A few years ago, while home for a visit, my son spoke excitedly about a roasted cauliflower dish he had recently eaten at a hipster Brooklyn establishment. I thought to myself, Cauliflower is the new fad.

Well, that fad has lasted, and now many restaurants serve it, and the media is inundated with cauliflower recipes by chefs and home cooks. It is hailed as a superfood. To observers of low-carb or gluten-free diets, it is a stand-in for couscous and pizza crust, and for vegetarians or vegans, it is served as “steak.” When I think about cauliflower, though, I do not associate it with any of this. Rather, I trace my love for this “flower” to my late mother’s kitchen in Israel. I still remember the pungent, borderline-noxious, odor of her fried florets, which I adored.

There are many reasons to eat cauliflower, and many ways to cook it. It is rich in nutrients and phytochemicals and low in calories and fat. Of the various cooking methods, my favorite is roasting. Caramelizing its white “curds” draws out and highlights its natural sweetness, while the florets become simultaneously buttery and crunchy. And I am proud to say that this simple method of preparation appears to have originated in my home country of Israel.

The New York Times recently named Israeli chef Eyal Shani the father of the global cauliflower trend in general and the method of whole-head roasting in particular, though he credits his business partner Shahar Segal, whose mother made it this way, for the idea. Shani is responsible for the roasted-cauliflower craze in Israel, which was then brought over to the US by Israeli-American chefs Alon Shaya of Domenica and Shaya in New Orleans and Michael Solomonov of Zahav in Philadelphia.

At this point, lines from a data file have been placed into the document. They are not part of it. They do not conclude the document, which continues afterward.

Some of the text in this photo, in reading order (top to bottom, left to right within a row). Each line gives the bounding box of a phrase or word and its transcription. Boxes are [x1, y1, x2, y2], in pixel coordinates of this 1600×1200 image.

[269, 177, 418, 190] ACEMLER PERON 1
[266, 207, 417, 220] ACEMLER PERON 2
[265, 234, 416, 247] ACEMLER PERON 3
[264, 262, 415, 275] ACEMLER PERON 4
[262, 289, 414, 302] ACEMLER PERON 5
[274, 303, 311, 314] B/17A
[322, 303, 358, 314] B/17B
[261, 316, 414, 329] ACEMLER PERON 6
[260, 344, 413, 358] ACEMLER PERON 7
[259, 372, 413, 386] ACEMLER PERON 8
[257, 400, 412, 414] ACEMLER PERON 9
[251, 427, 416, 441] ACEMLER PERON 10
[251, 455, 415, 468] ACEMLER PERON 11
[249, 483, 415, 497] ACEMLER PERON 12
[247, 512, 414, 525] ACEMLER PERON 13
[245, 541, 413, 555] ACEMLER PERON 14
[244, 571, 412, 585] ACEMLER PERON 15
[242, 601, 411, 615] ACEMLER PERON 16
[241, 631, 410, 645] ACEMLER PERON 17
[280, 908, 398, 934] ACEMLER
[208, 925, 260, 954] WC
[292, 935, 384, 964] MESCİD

Shani’s method has us first parboil the head, leaves still intact, for 15 minutes before roasting it in a burning wood oven. The parboiling, which sometimes aims to rid the cauliflower of its distinctive odor and intense flavor, seems unnecessary. Plus, after ten minutes of boiling, the cauliflower may also lose up to fifty percent of its nutrients.

The alternative cooking technique I suggest here is to salt the whole head and roast it completely wrapped in aluminum foil for part of the cooking time. The head cooks in its own steam, retaining its nutrients, unlike when boiling. The foil is then unwrapped, and the cauliflower continues to roast, getting crisp, its wafting aroma a promise of the deliciousness to come.

The recipe I suggest here is also an answer to the idea some chefs have about what is a proper vegetarian substitute on their menu. As vegetarian, I am sometimes offered a vegetarian main course that is comprised solely of several types of vegetables. While cauliflower steak appears meaty, it is not protein. My recipe of roasted cauliflower with hummus and spice-infused sautéed onions is rich with nutrients and layers of flavors, making it a hearty winter meal, not just for vegetarians. Though it is not quite the fried cauliflower from my mother’s kitchen, it brings together many of the elements I remember fondly.